In a second trial, the plaintiff was awarded $55 million in compensatory and punitive damages.

But Johnson & Johnson said it is committed to a vigorous and long-term defense of the safety of its baby powder product.

“Plaintiffs’ lawyers have deliberately created confusion about the science of talc at trial,” Gene Williams, outside counsel for Johnson & Johnson, told Legal Newsline.

“Though it’s been discussed as a hypothesis and carefully studied for decades, there is no proven linkage between talc and ovarian cancer.

“Unfortunately, this deliberate confusion led to jury decisions that went against the decades of studies by medical experts around the world that continue to support the safety of cosmetic talc."

Williams said the company has strong grounds for appeals because the “medical and scientific evidence does not support the juries’ findings, and we are committed to the vigorous and long-term defense of the safety of the product.”

The jury awards, reached in February and May, are likely to be followed by thousands of claims by women alleging a link between talc and ovarian cancer, and allegations Johnson & Johnson knew of a potential connection.

Jere Beasley, his Alabama firm Beasley Allen and lawyers in Missouri have 750 pending cases involving either individuals claiming they suffered ovarian cancer because of their use of talc or family members of those deceased.

Of the estimated 17,000 that contacted his law offices, Beasley said his team and partners are investigating close to 12,000.

Beasley represented Jacqueline Fox, a 62-year-old from Birmingham, Ala., who died while the case against Johnson & Johnson was still pending.
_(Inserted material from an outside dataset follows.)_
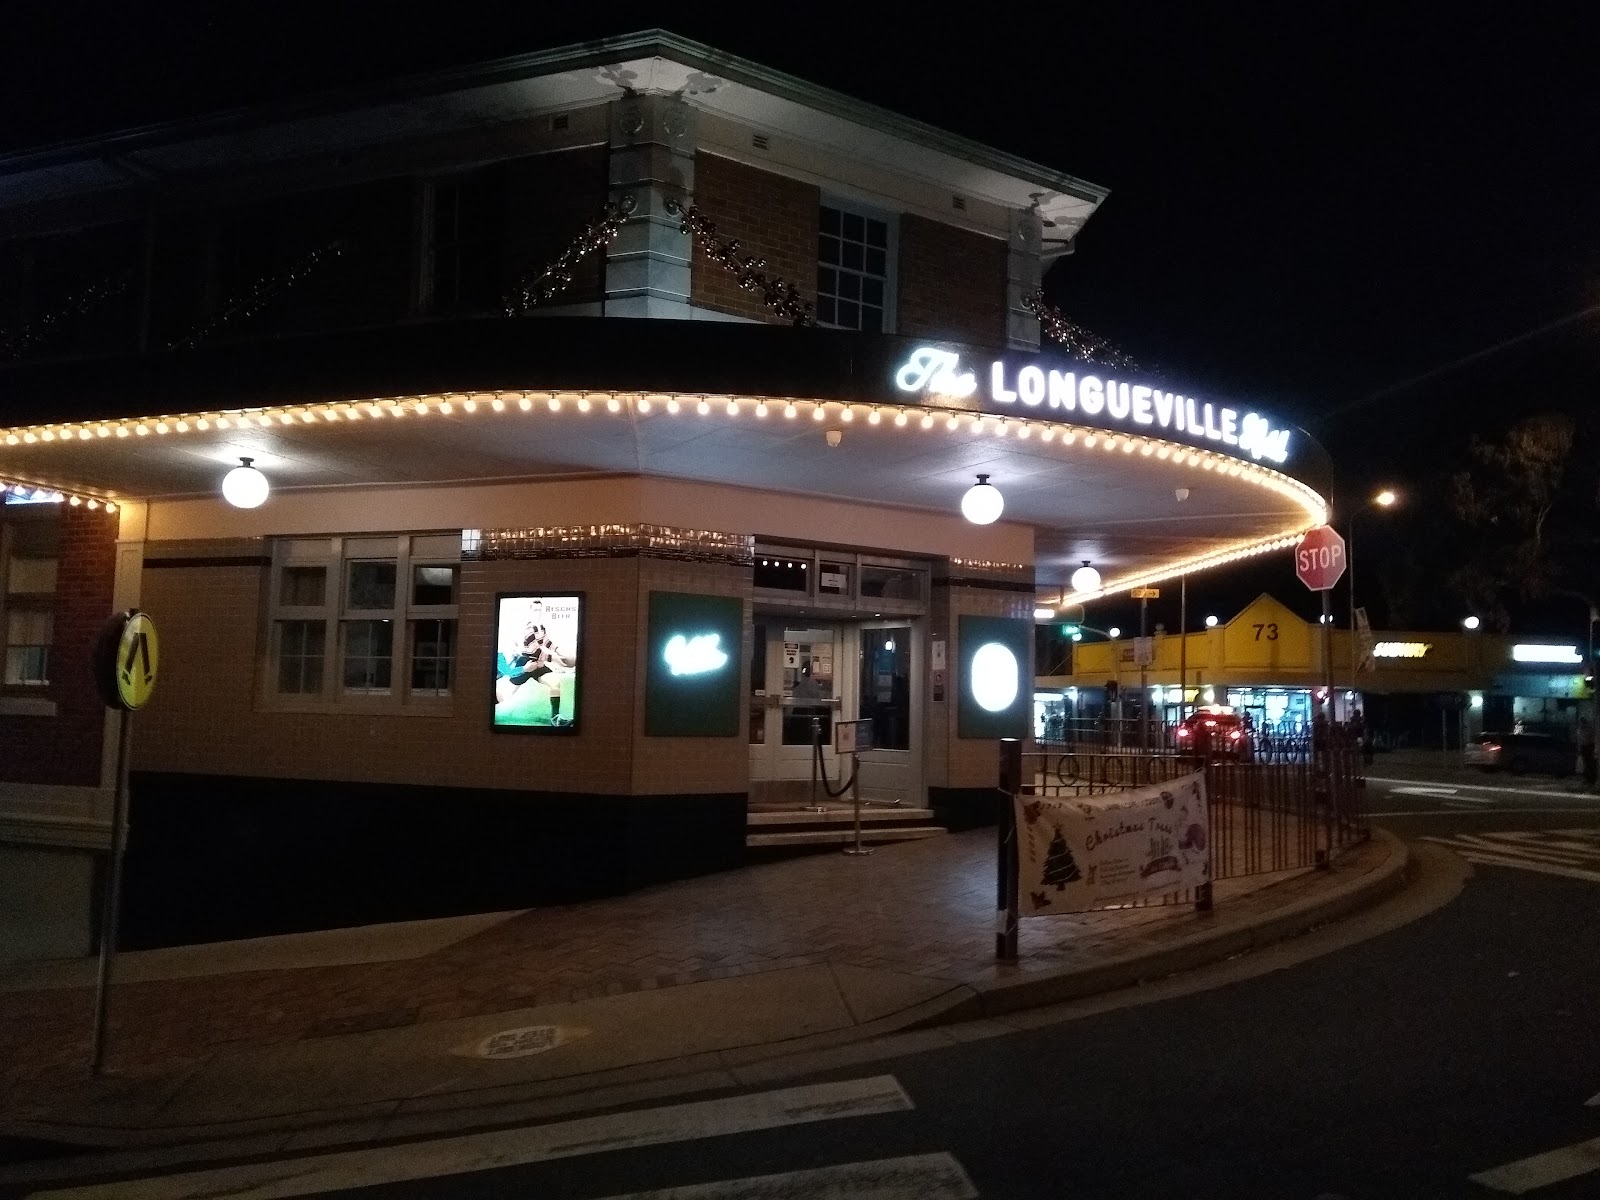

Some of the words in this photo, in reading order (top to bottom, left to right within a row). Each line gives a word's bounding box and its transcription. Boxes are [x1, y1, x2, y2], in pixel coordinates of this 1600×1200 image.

Her son was added as a plaintiff after her death.

A jury in St. Louis awarded the family $10 million in compensatory damages and $62 million in punitive damages - $1 million for every year of her life, a juror explained to Beasley after the three-week trial ended in February. It was much more than the legal team had asked for, or expected

“I would have been shocked if it had been a verdict for the defendant,” Beasley told Legal Newsline. “But I was surprised at the amount and the reason for it.”

The American Cancer Society said more research is needed. For any individual woman, if there is an increased risk, the overall increase is likely to very be small, the society notes on its website.